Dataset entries
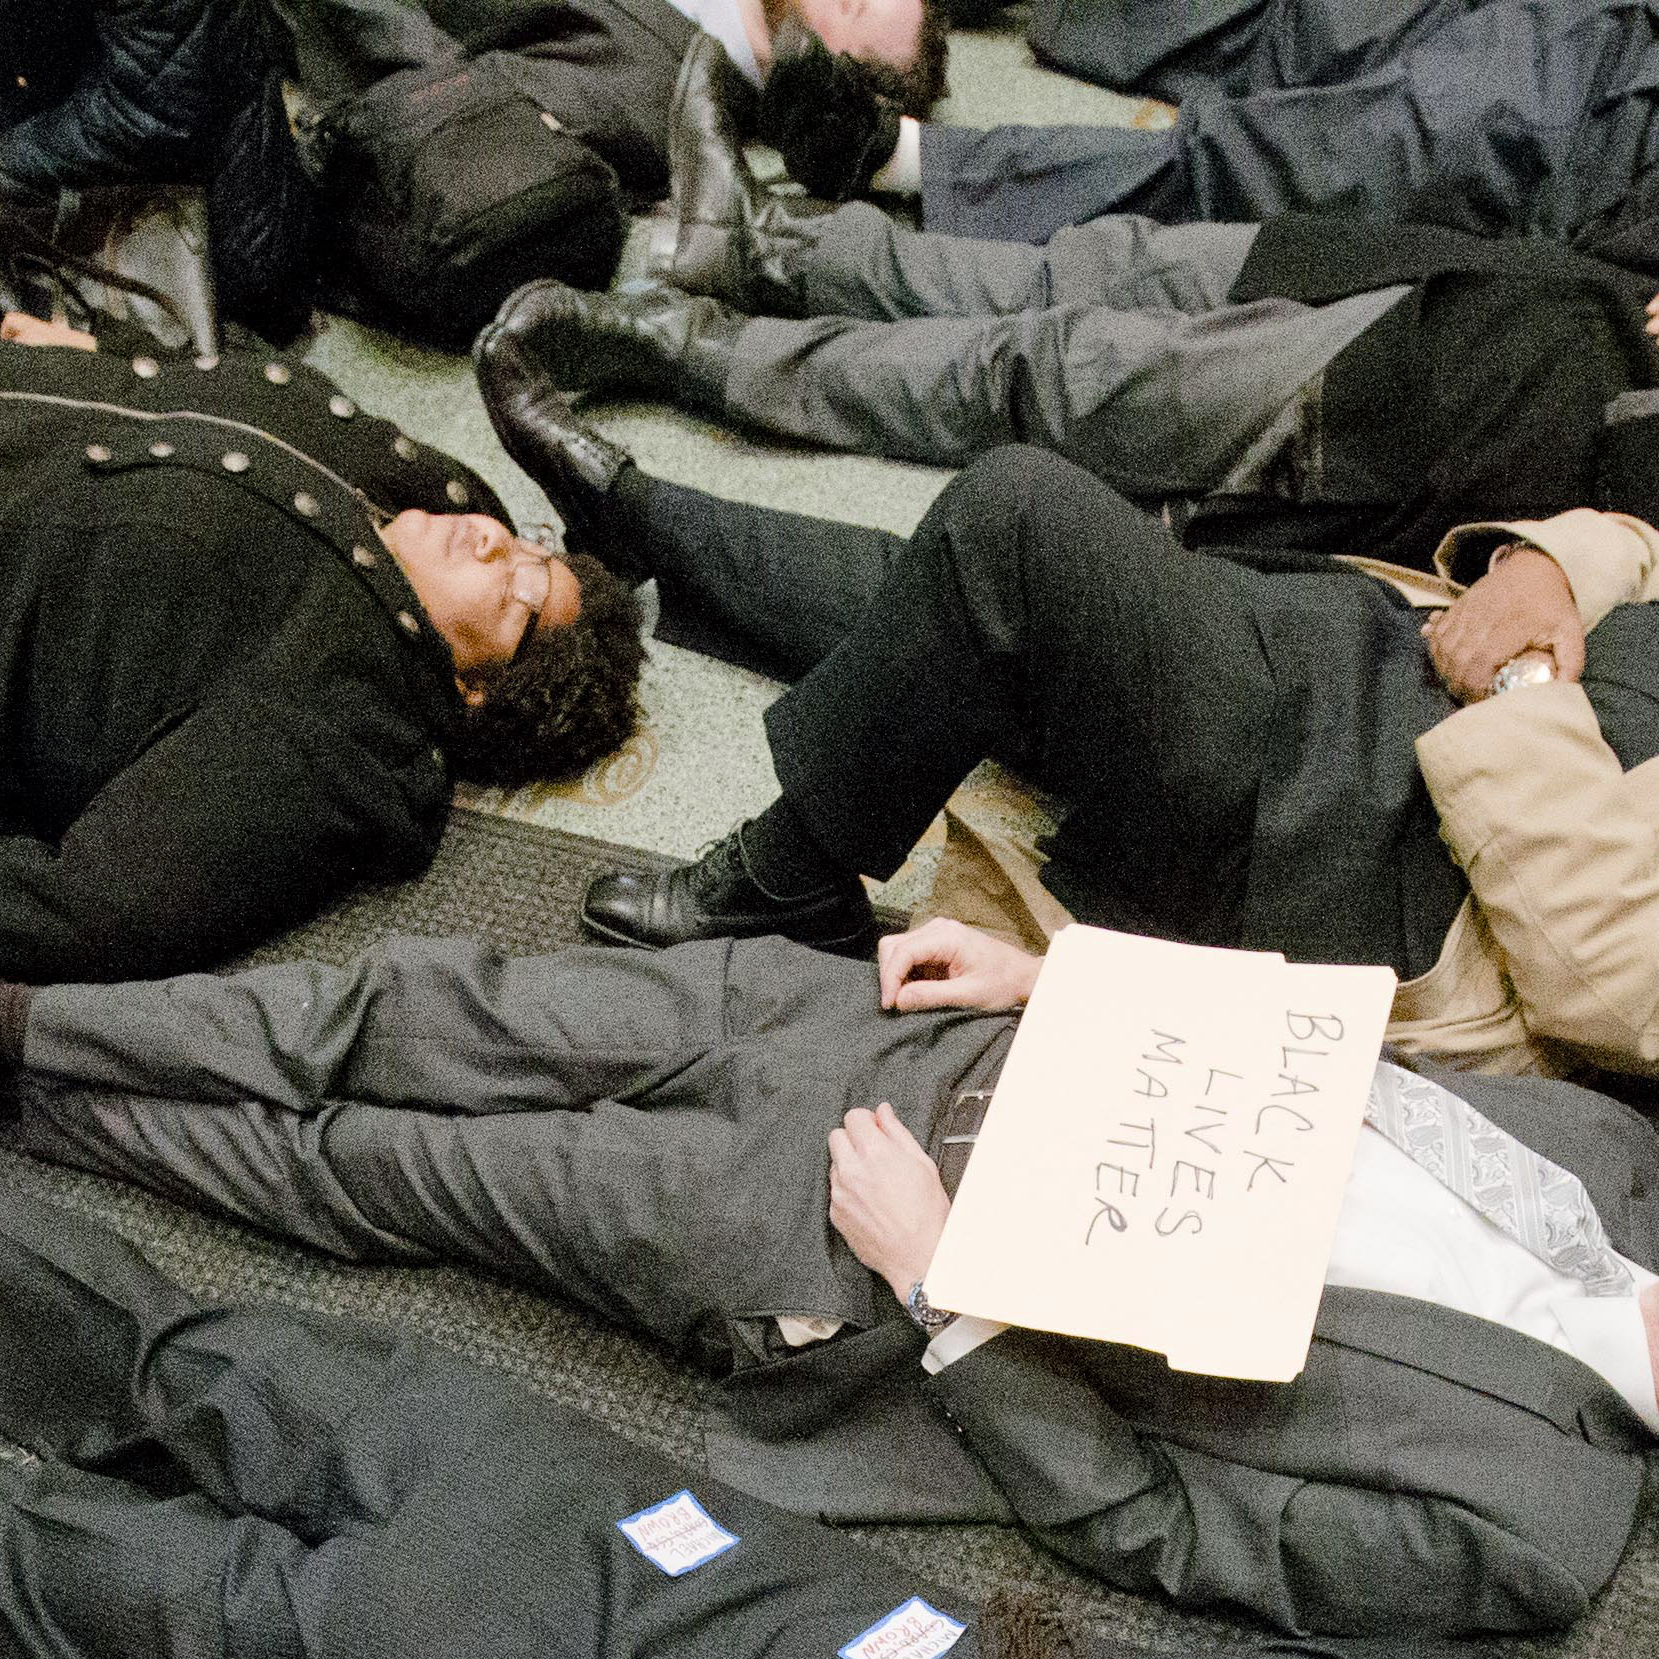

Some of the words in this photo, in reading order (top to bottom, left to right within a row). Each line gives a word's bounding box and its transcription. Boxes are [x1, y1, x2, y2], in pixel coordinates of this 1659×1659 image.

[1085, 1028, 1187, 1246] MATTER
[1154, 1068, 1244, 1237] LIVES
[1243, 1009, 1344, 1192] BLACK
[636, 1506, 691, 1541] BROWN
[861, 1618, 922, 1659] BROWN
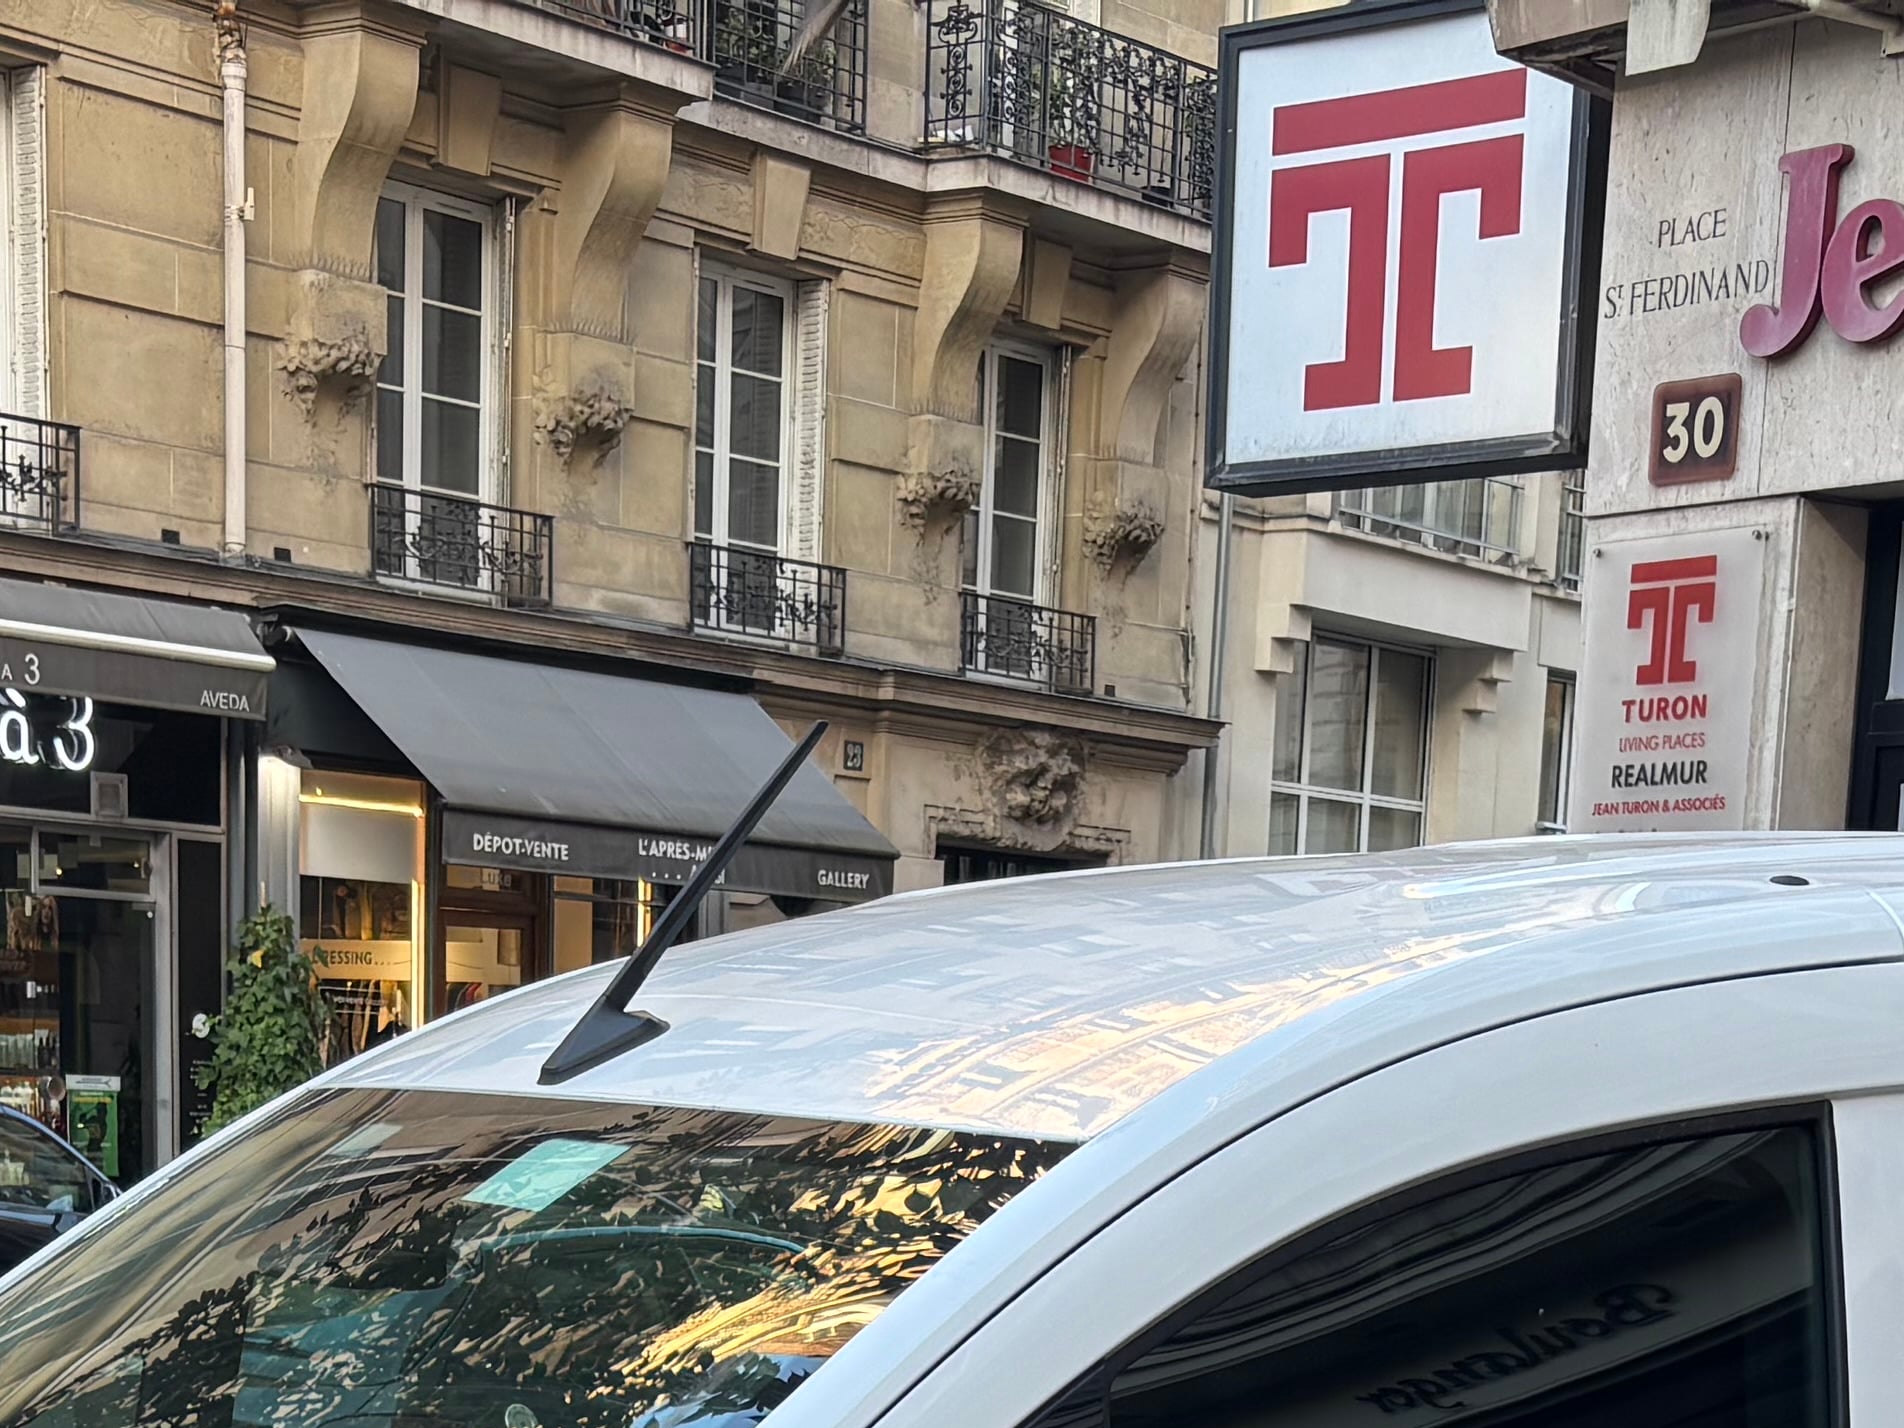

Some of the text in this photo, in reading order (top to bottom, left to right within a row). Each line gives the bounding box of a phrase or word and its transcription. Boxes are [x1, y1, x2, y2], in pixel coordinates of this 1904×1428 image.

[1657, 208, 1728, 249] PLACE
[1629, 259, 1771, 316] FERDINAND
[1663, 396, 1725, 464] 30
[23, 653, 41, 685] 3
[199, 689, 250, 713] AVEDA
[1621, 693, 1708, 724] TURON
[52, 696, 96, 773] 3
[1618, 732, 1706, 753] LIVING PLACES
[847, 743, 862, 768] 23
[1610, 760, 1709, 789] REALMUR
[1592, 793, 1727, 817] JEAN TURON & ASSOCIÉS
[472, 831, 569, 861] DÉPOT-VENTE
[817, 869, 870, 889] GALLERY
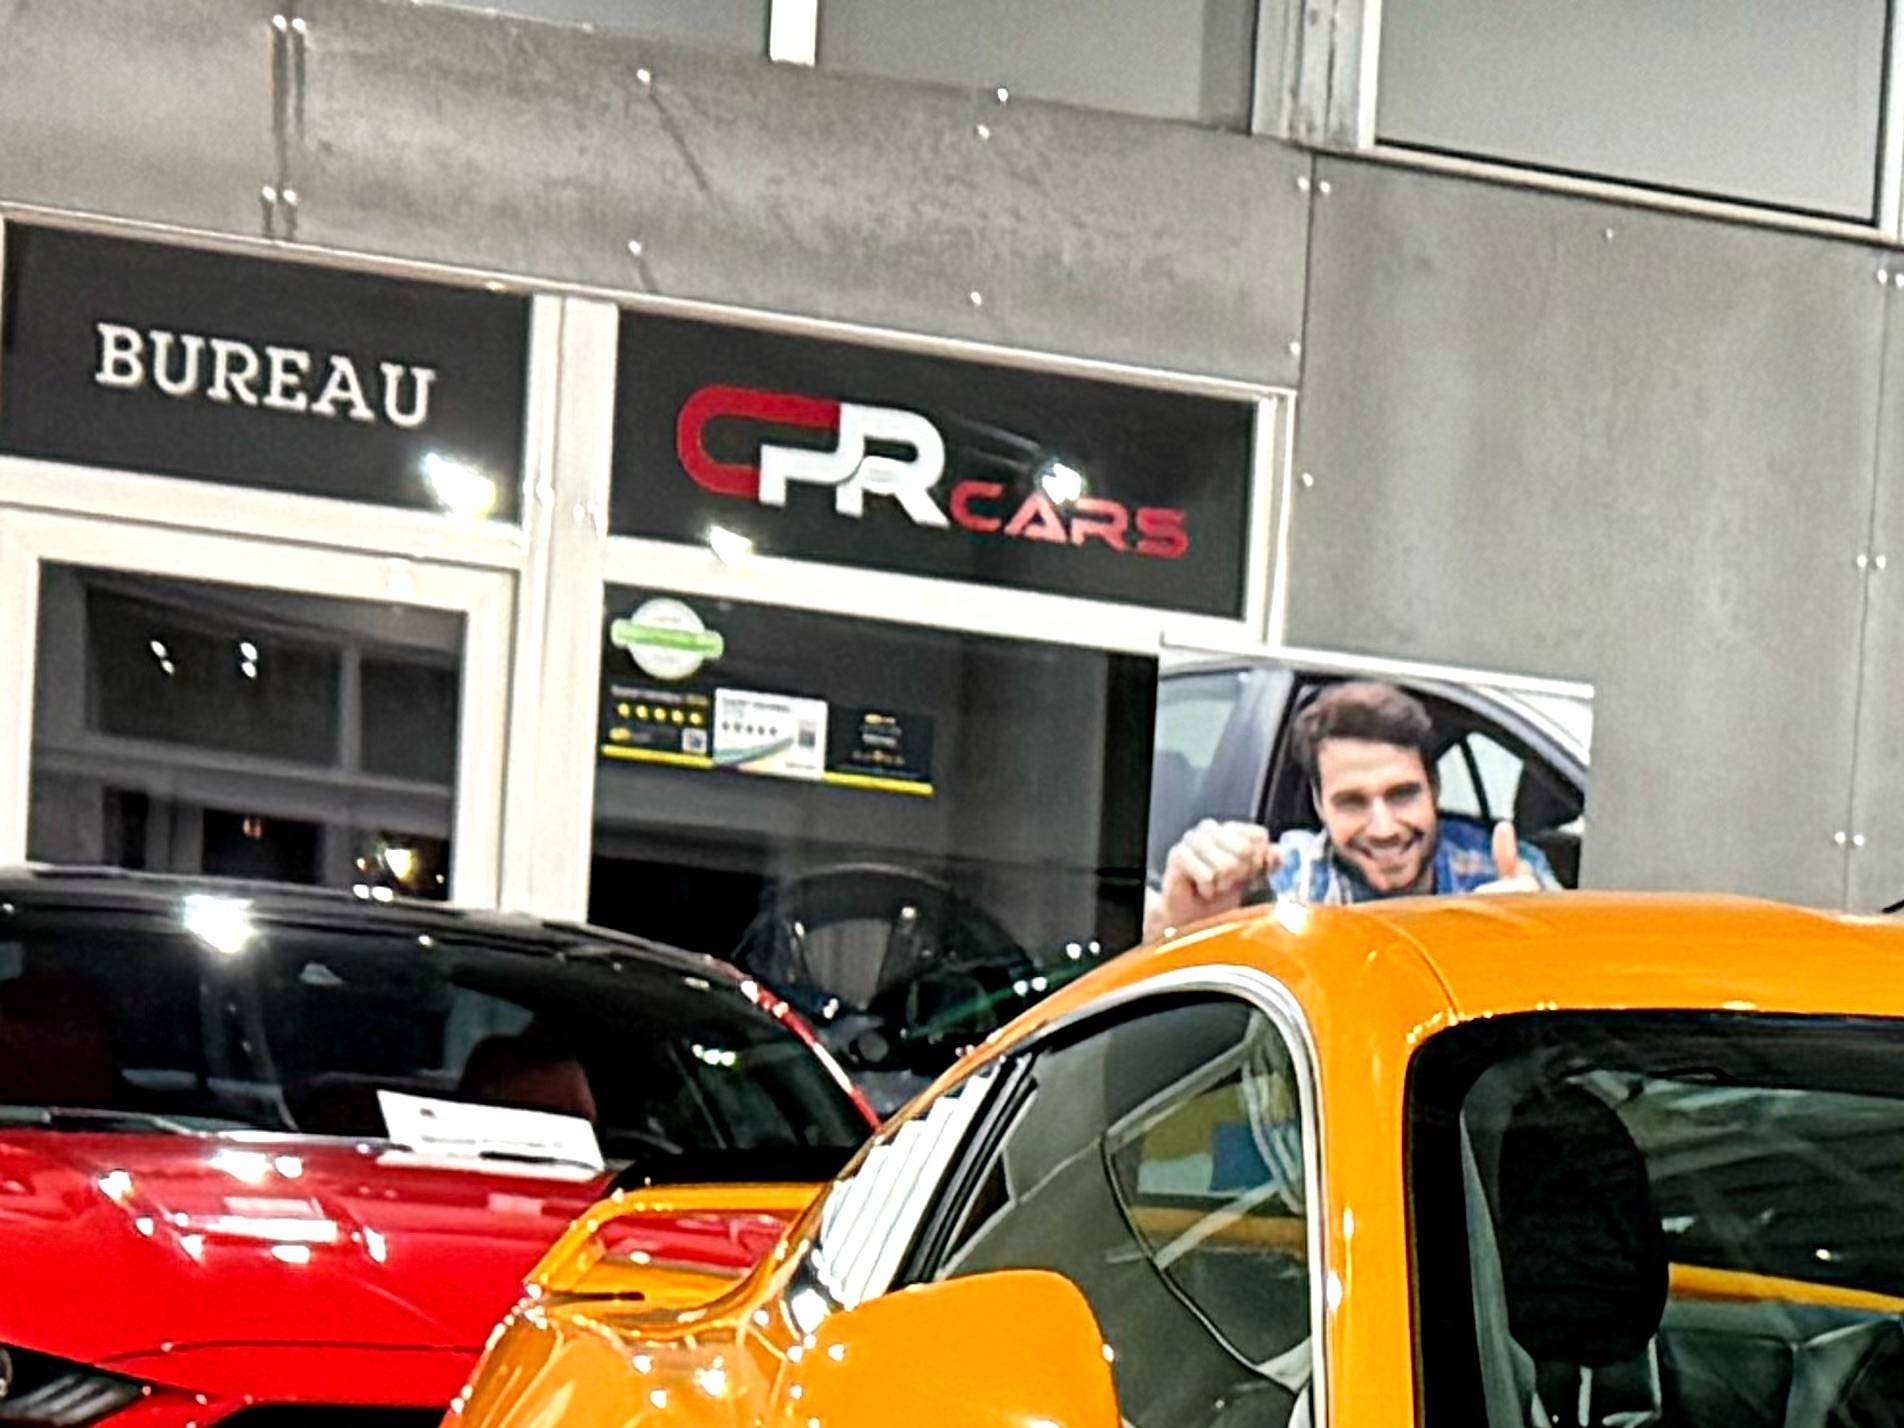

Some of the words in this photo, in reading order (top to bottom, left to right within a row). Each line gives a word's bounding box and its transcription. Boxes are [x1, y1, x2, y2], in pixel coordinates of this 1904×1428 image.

> Work item
The entries above need to be printed again exactly; please exclude all pictures.

> Answer area
Some of the words in this photo, in reading order (top to bottom, left to right within a row). Each line gives a word's bounding box and its transcription. Boxes are [x1, y1, x2, y2], in pixel coordinates of this 1659×1659 image.

[1085, 1028, 1187, 1246] MATTER
[1154, 1068, 1244, 1237] LIVES
[1243, 1009, 1344, 1192] BLACK
[636, 1506, 691, 1541] BROWN
[861, 1618, 922, 1659] BROWN

Some of the text in this photo, in reading order (top to bottom, left to right within a row). Each line gives the bounding box of a phrase or word and its transcription. Boxes are [x1, y1, x2, y2], in pixel coordinates of this 1904×1428 image.

[1657, 208, 1728, 249] PLACE
[1629, 259, 1771, 316] FERDINAND
[1663, 396, 1725, 464] 30
[23, 653, 41, 685] 3
[199, 689, 250, 713] AVEDA
[1621, 693, 1708, 724] TURON
[52, 696, 96, 773] 3
[1618, 732, 1706, 753] LIVING PLACES
[847, 743, 862, 768] 23
[1610, 760, 1709, 789] REALMUR
[1592, 793, 1727, 817] JEAN TURON & ASSOCIÉS
[472, 831, 569, 861] DÉPOT-VENTE
[817, 869, 870, 889] GALLERY

Some of the words in this photo, in reading order (top to bottom, left to right within a row). Each line gives a word's bounding box and its transcription. Boxes are [x1, y1, x2, y2], in pixel coordinates of this 1904×1428 image.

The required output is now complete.